# The problem
Where a picture shows up in the listing below, omit it and output the rest exactly.
[Start of section]
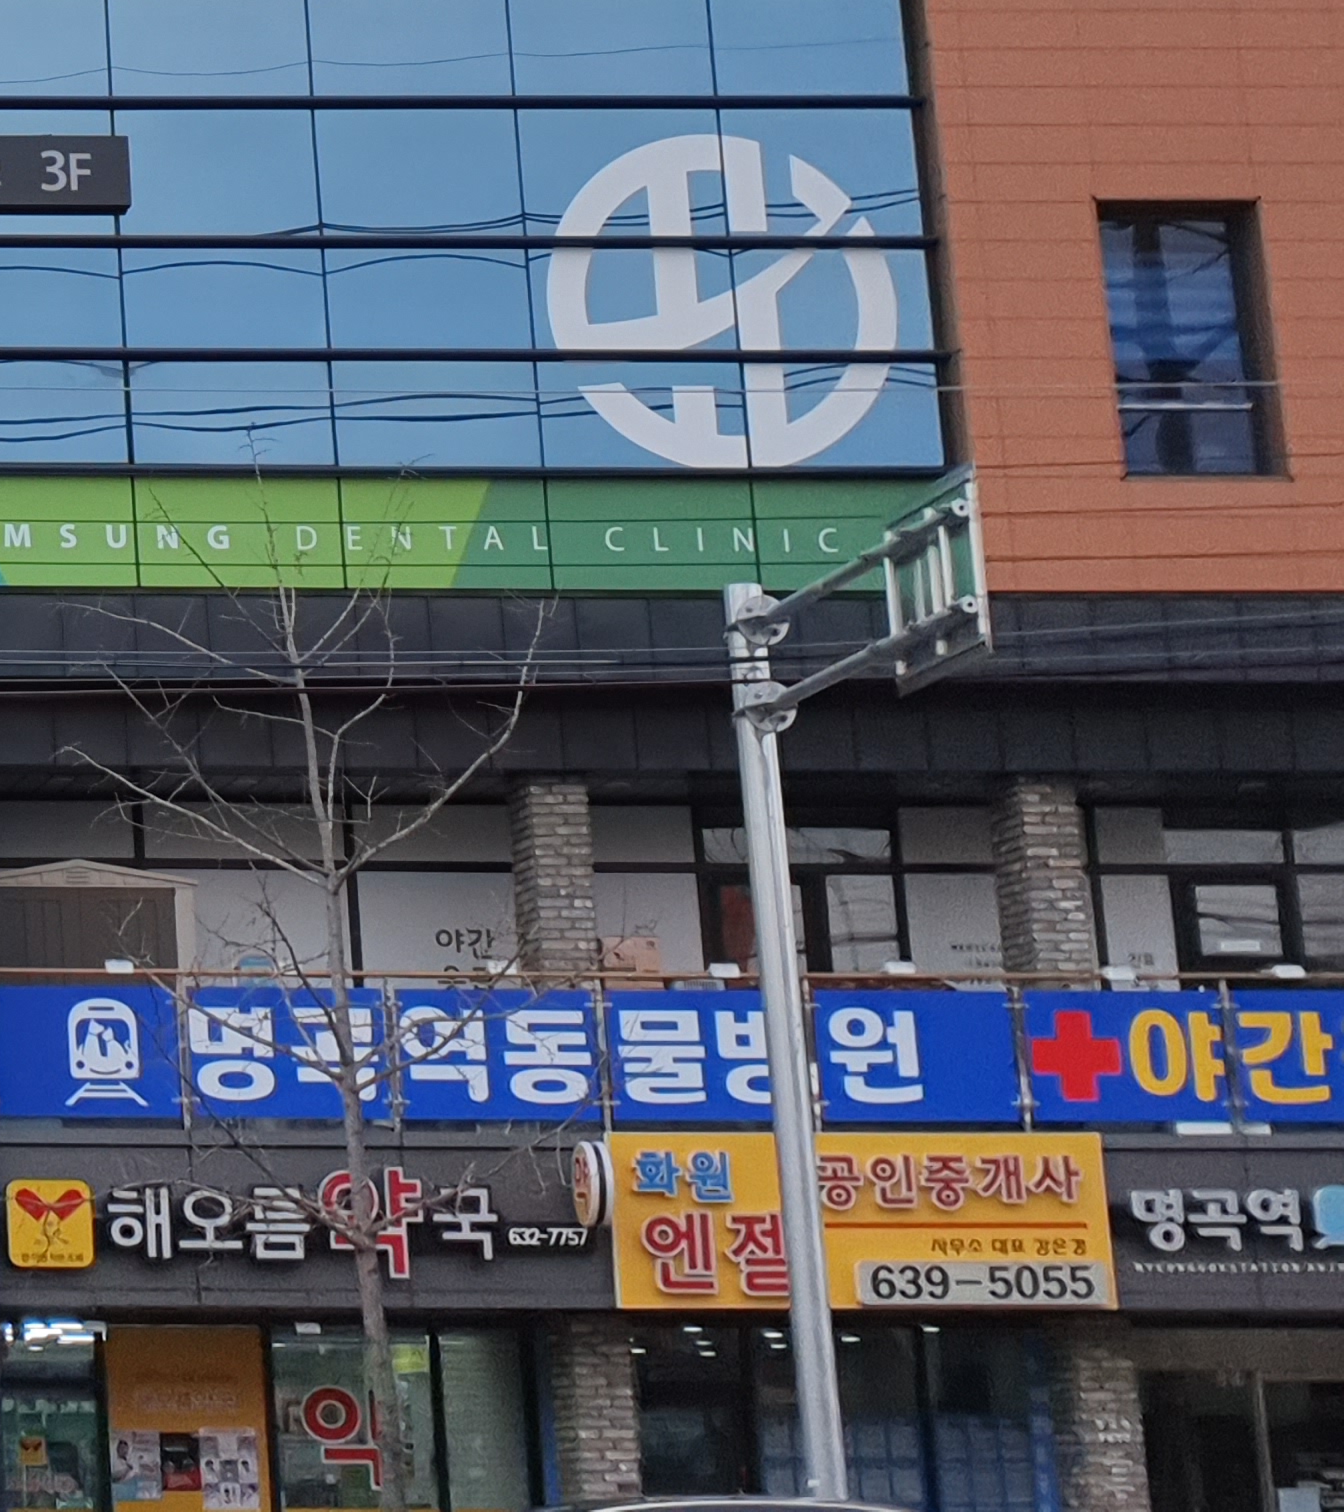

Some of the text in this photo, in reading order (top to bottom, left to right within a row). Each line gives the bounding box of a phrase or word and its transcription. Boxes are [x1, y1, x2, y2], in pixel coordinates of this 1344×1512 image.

[40, 149, 92, 192] 3F
[294, 523, 550, 553] DENTAL
[605, 524, 842, 554] CLINIC
[435, 928, 496, 960] 야간
[188, 1005, 924, 1106] 명곡역동물병원
[1126, 1007, 1334, 1104] 야간
[632, 1150, 1082, 1212] 화원 공인중개사
[1129, 1187, 1304, 1252] 명곡역
[869, 1264, 1096, 1300] 639-5055
[End of section]
# Result of the exercise
Some of the text in this photo, in reading order (top to bottom, left to right within a row). Each line gives the bounding box of a phrase or word and its transcription. Boxes are [x1, y1, x2, y2], in pixel coordinates of this 1344×1512 image.

[40, 149, 92, 192] 3F
[294, 523, 550, 553] DENTAL
[605, 524, 842, 554] CLINIC
[435, 928, 496, 960] 야간
[188, 1005, 924, 1106] 명곡역동물병원
[1126, 1007, 1334, 1104] 야간
[632, 1150, 1082, 1212] 화원 공인중개사
[1129, 1187, 1304, 1252] 명곡역
[869, 1264, 1096, 1300] 639-5055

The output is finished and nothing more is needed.